Please give back the listing below word for word, without the images.
Segment Start: MATERIAL FOR THE TASK
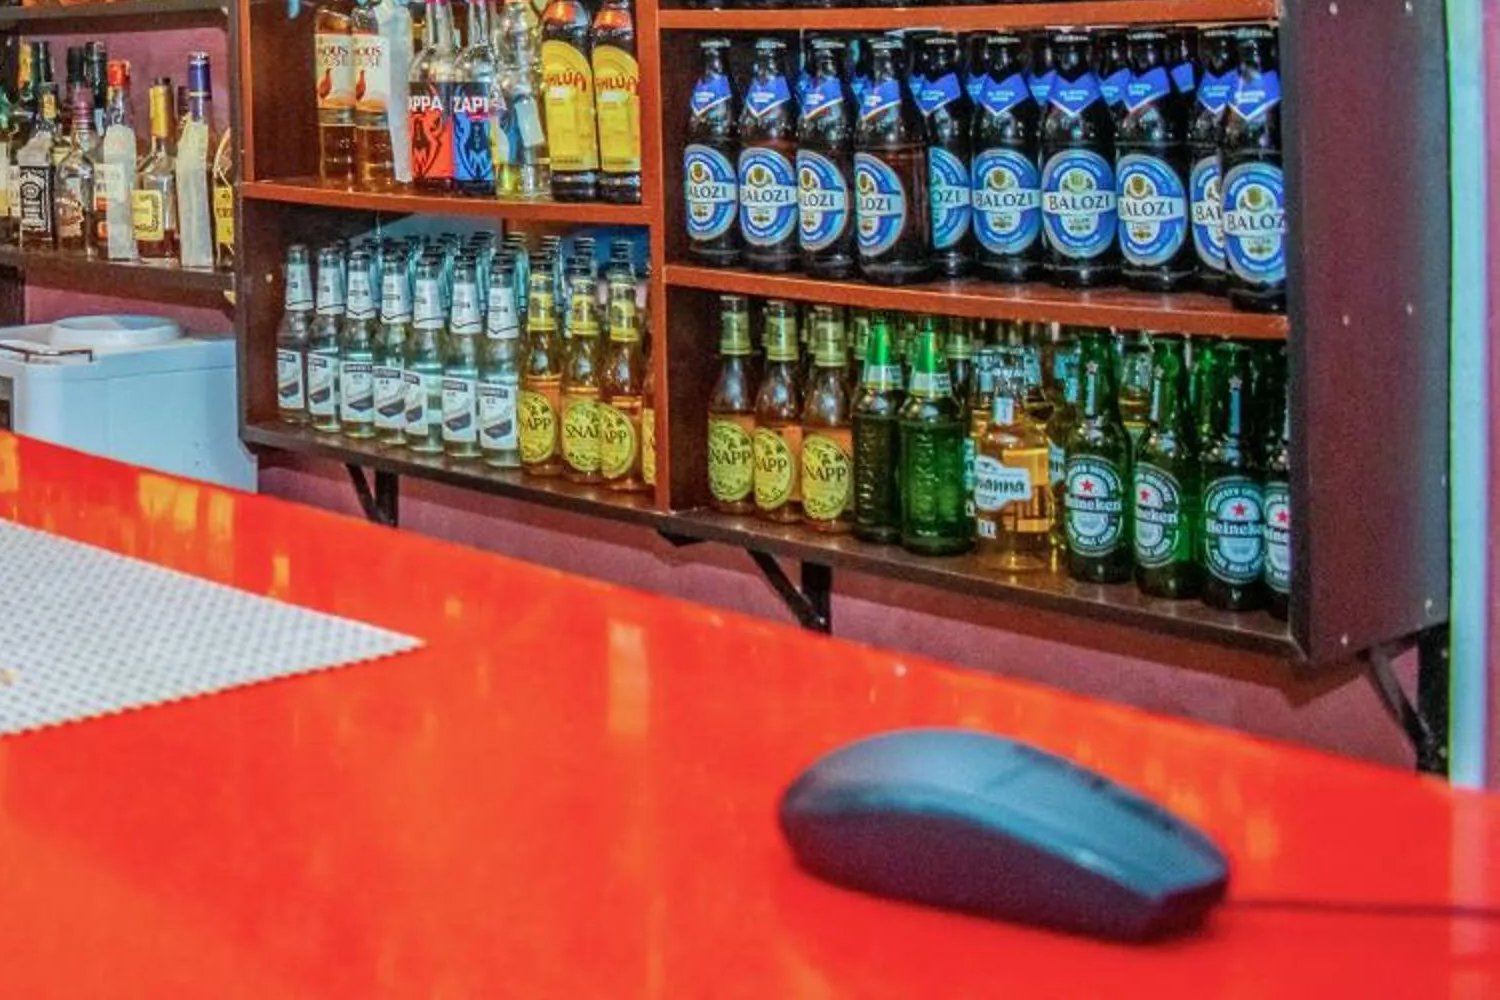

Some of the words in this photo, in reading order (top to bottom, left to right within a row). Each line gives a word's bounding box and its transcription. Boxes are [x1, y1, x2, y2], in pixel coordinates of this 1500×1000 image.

[689, 185, 727, 200] ALOZI
[802, 194, 835, 207] LOZI
[975, 190, 1033, 206] BALOZI
[1049, 195, 1109, 211] BALOZI
[1196, 205, 1222, 221] BAL
[1226, 213, 1286, 232] BALOZ
[710, 449, 752, 465] NAPP
[805, 465, 847, 482] NAPP
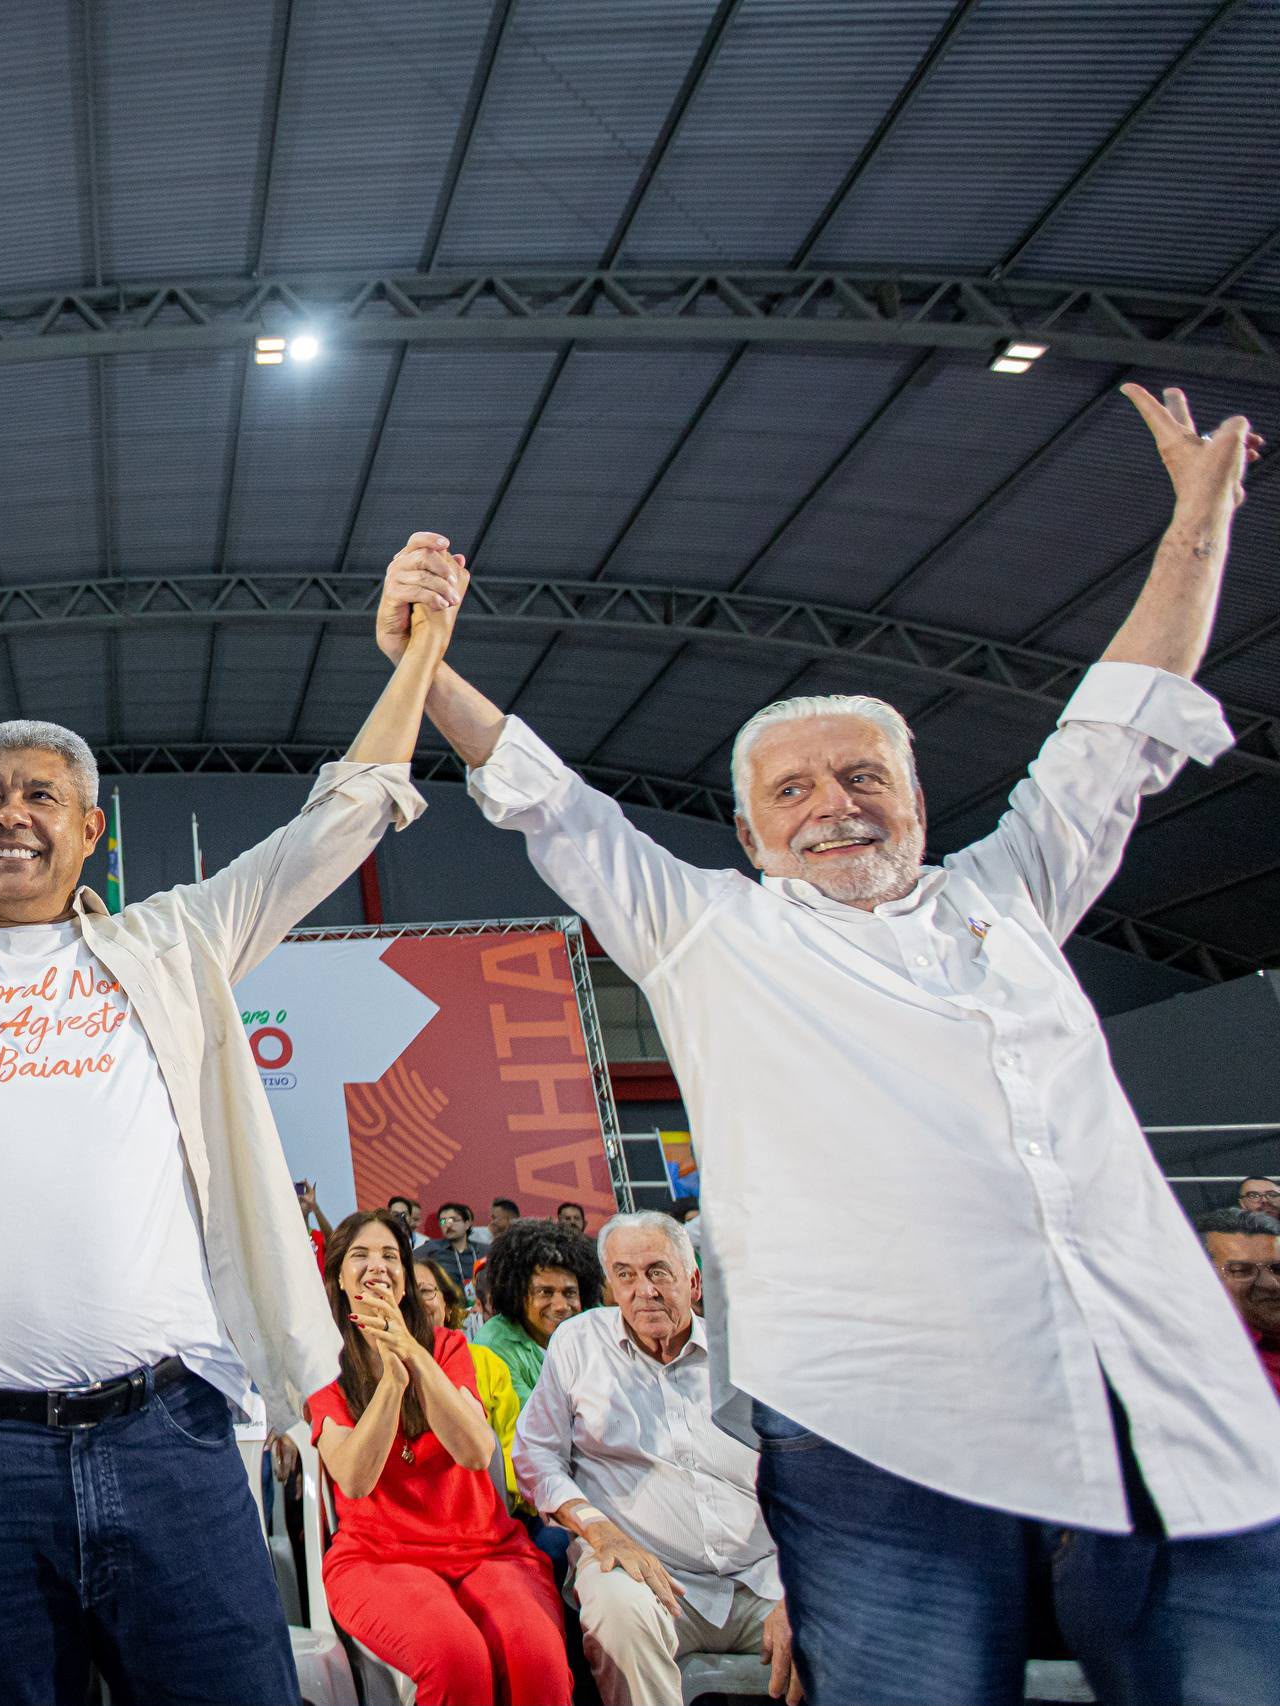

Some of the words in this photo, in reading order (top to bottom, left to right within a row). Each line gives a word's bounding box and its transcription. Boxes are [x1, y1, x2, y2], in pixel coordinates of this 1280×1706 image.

[69, 966, 120, 1000] Nor
[241, 1009, 270, 1025] ara
[248, 1026, 294, 1070] O
[262, 1076, 290, 1087] TIVO
[480, 932, 617, 1238] AHIA
Segment End: MATERIAL FOR THE TASK
▶ [RESULT FOR THIS TASK]
Some of the words in this photo, in reading order (top to bottom, left to right within a row). Each line gives a word's bounding box and its transcription. Boxes are [x1, y1, x2, y2], in pixel coordinates of this 1500×1000 image.

[689, 185, 727, 200] ALOZI
[802, 194, 835, 207] LOZI
[975, 190, 1033, 206] BALOZI
[1049, 195, 1109, 211] BALOZI
[1196, 205, 1222, 221] BAL
[1226, 213, 1286, 232] BALOZ
[710, 449, 752, 465] NAPP
[805, 465, 847, 482] NAPP

Some of the words in this photo, in reading order (top to bottom, left to right within a row). Each line gives a word's bounding box and its transcription. Boxes are [x1, y1, x2, y2], in pixel coordinates of this 1280×1706 image.

[69, 966, 120, 1000] Nor
[241, 1009, 270, 1025] ara
[248, 1026, 294, 1070] O
[262, 1076, 290, 1087] TIVO
[480, 932, 617, 1238] AHIA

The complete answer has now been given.